Generally, numerous members of Bacillus species are known as producers of lipopeptides belonging to the surfactin, iturin, and fengycin families (Zuber et al. 1993). Fengycin is an antifungal lipopeptide complex produced by B. subtilis F-29-3 (Vanittanakom and Loeffler 1986). It consists of 2 main components, fengycin A and fengycin B. The lipid moiety of both analogs was more variable as fatty acids and identified as anteiso-pentadecanoic acid (ai-C15), iso-hexadecanoic acid (i-C16), and n-hexadecanoic acid (n-C16). There is an evidence for further saturated and unsaturated residues up to C18. In the present study, these components of fatty acids were detected in supernatant analysis, using GC-MS in case of B. subtilis. These results were consistent with those of Belal et al. (2013) who found that the methanolic extract of B. subtilis contained fatty acids such as nonanoic acid, decanoic acid, dodecatrienoic acid, heptadecanoic acid, octadecanoic acid, pentadecanoic acid, hexadecanoic acid, and some of their derivatives (Belal et al. 2013).

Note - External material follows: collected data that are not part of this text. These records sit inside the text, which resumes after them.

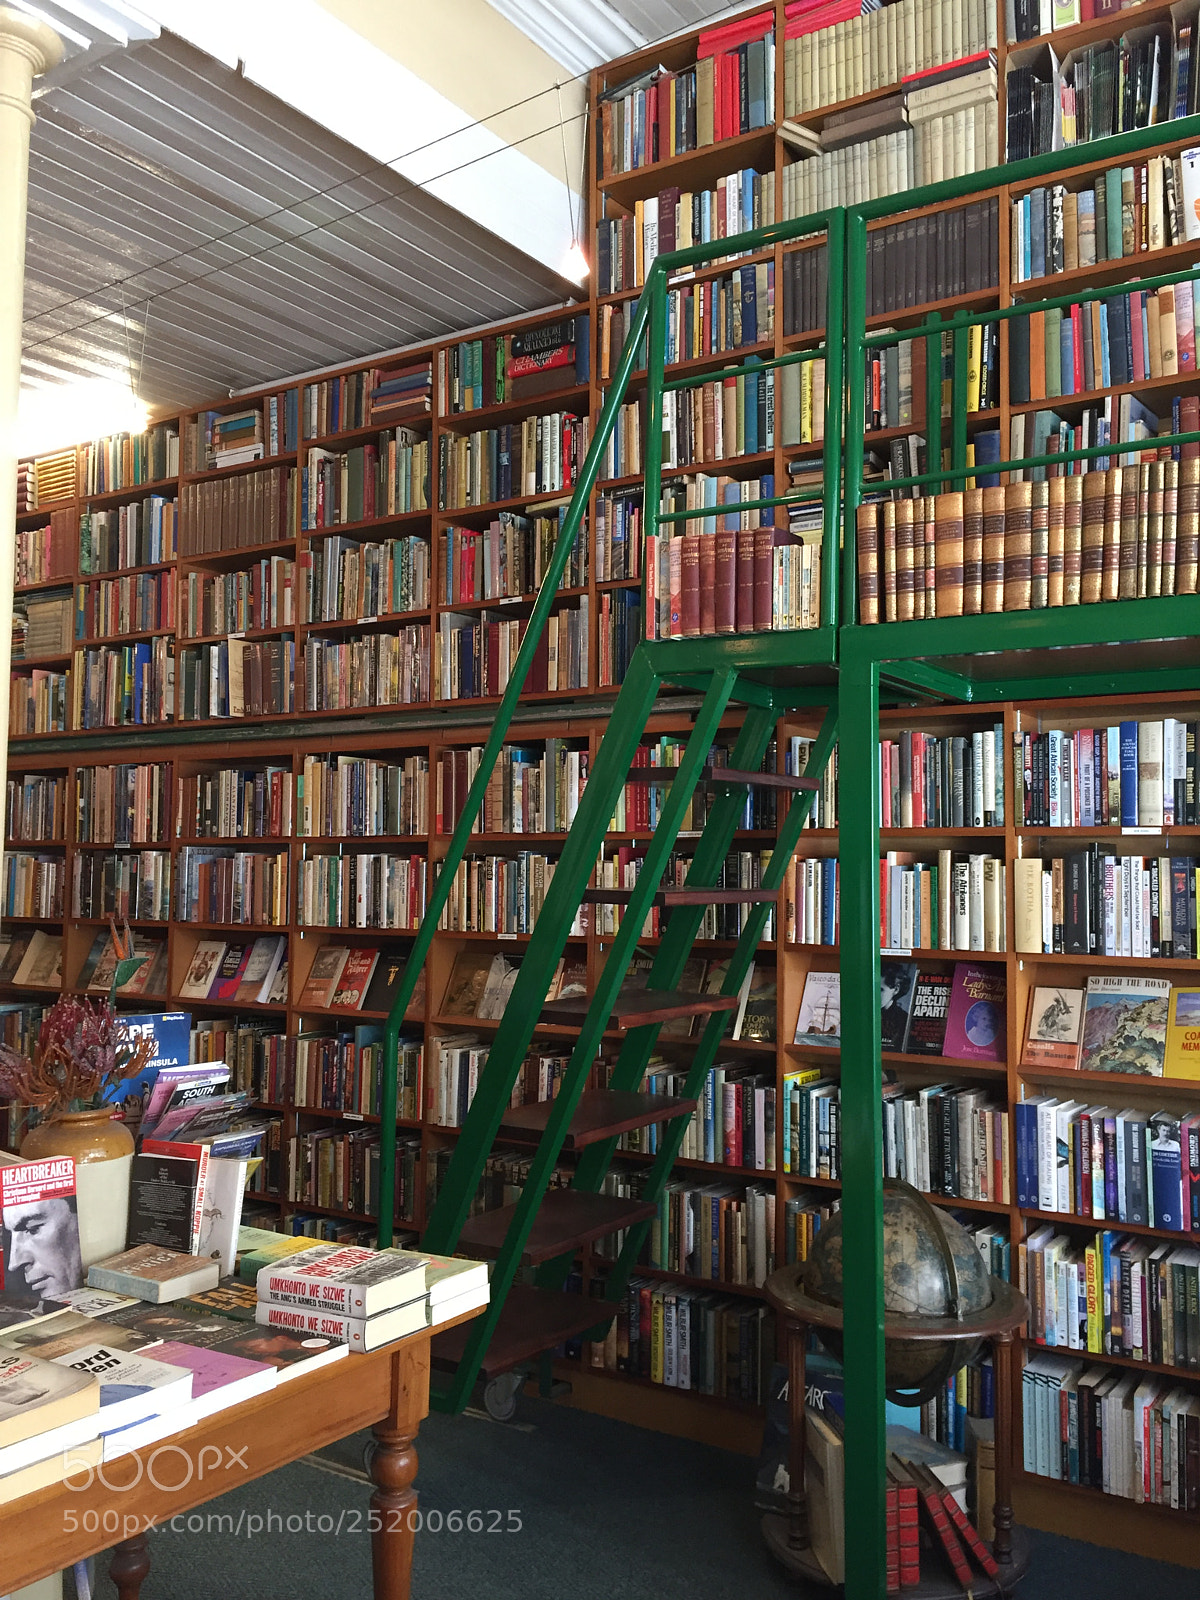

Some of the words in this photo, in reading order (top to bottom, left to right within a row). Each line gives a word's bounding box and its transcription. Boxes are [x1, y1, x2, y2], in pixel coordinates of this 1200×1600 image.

[514, 357, 554, 372] DICTIONARY
[515, 347, 564, 365] CHAMBERS
[1050, 736, 1058, 754] Great
[1187, 732, 1195, 752] JETLAG
[1050, 754, 1058, 776] African
[1050, 777, 1058, 800] Society
[1050, 801, 1058, 816] Biko
[959, 864, 968, 877] The
[984, 862, 994, 882] PW
[1105, 864, 1114, 901] BROTHERS
[959, 880, 968, 916] Afrikaners
[918, 986, 932, 994] THE
[962, 977, 985, 990] Lady
[1103, 978, 1123, 986] HIGH
[1126, 979, 1142, 987] THE
[1145, 980, 1168, 988] ROAD
[915, 996, 950, 1006] DECLIN
[966, 988, 1004, 1001] Barnard
[743, 1015, 774, 1024] STORM
[1026, 1050, 1041, 1058] The
[182, 1085, 216, 1099] SOUTH
[1093, 1124, 1102, 1149] Stealing
[200, 1151, 209, 1180] MURDER
[1081, 1147, 1090, 1174] CHILDREN
[2, 1160, 74, 1186] HEARTBREAKER
[28, 1184, 46, 1194] Barnard
[46, 1182, 56, 1190] and
[63, 1179, 74, 1188] first
[196, 1186, 205, 1209] SMALL
[294, 1248, 364, 1275] UMKHONTO
[338, 1250, 380, 1269] SIZWE
[1087, 1253, 1095, 1283] RAGGED
[1122, 1262, 1130, 1286] BLACK
[269, 1277, 306, 1296] UMKHONTO
[308, 1283, 320, 1298] WE
[322, 1286, 346, 1304] SIZWE
[1088, 1284, 1096, 1316] GLORY
[270, 1292, 279, 1301] THE
[280, 1293, 296, 1304] ANC'S
[297, 1296, 317, 1308] ARMED
[318, 1300, 346, 1312] STRUGGLE
[1122, 1289, 1130, 1314] DEATH
[268, 1309, 305, 1329] UMKHONTO
[308, 1316, 319, 1332] WE
[321, 1319, 344, 1336] SIZWE
[1133, 1302, 1141, 1334] HARRIS
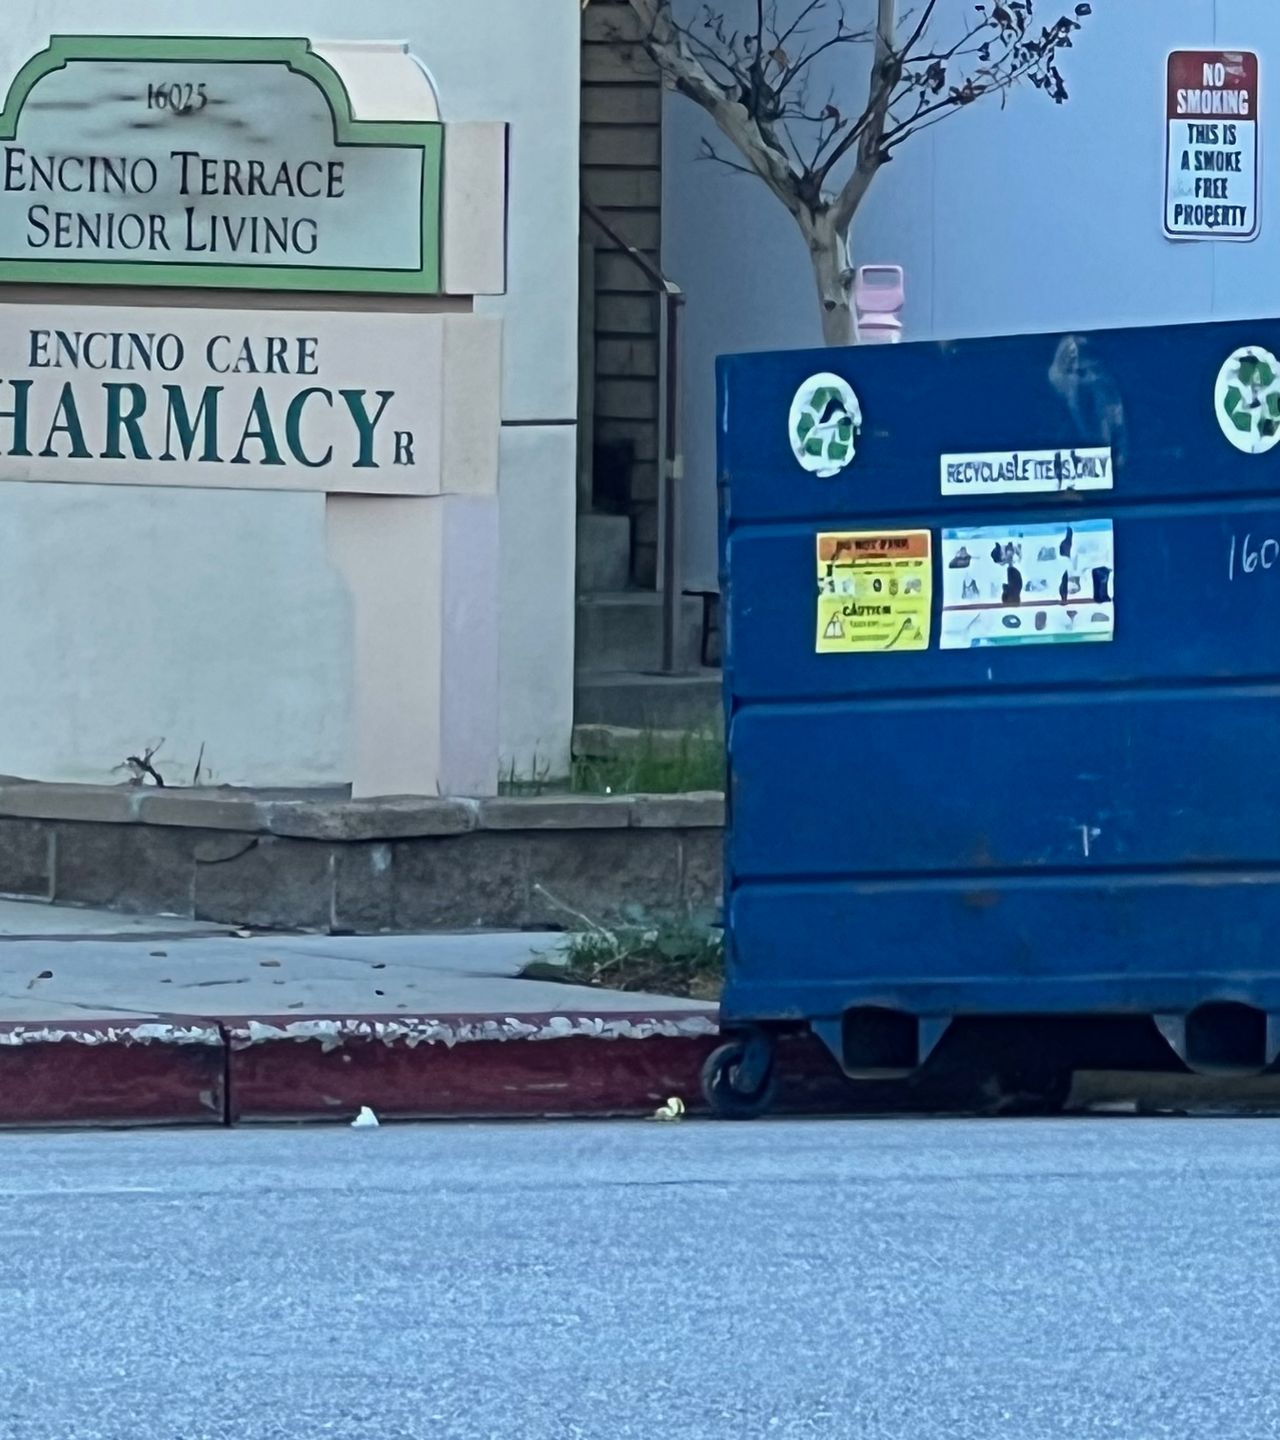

Principal component analysis (PCA)
Principal component analysis was performed on incubation and latent periods, infection type, pustule length, pustule width, receptivity (no. of pustule), catalase (CAT), peroxidase (POX), polyphenoloxidase (PPO), and electrolyte leakage in response to artificial infection of wheat stem rust and treatment with three Bacillus strains, Eugenol, and A. cina extract (Fig. 8a, b). Interpretation of the principal components (PCs) was aided by inspection of the factor-loading matrix extracted from a varimax rotation with Kaiser normalization of main components to identify factors responsible for the grouping of the dataset. As shown from scree plot graph of eigenvalues and loadings plot (Fig. 8), these 2 components, incubation and latent periods, have eigenvalues more than one. Therefore, these 2 components were extracted and describing approximately 96.595% of total variation; the remaining was 3.405% distributed on 8 factors. So, the variation of these factors is very small and negligible. Accordingly, principal component analysis gave an evidence to the importance of incubation and latent periods, as they were considered a good and more reliable indicator for evaluation of these materials. Summing up the results, the factor-loading matrix, extracted from a varimax rotation with Kaiser normalization, gave clear evidence to the importance of all parameters in this study, especially incubation and latent periods. Similar results were previously obtained when correlation statistics were performed between different disease parameters of wheat rusts and grain yield of the studied wheat genotypes (Abu Aly et al. 2017).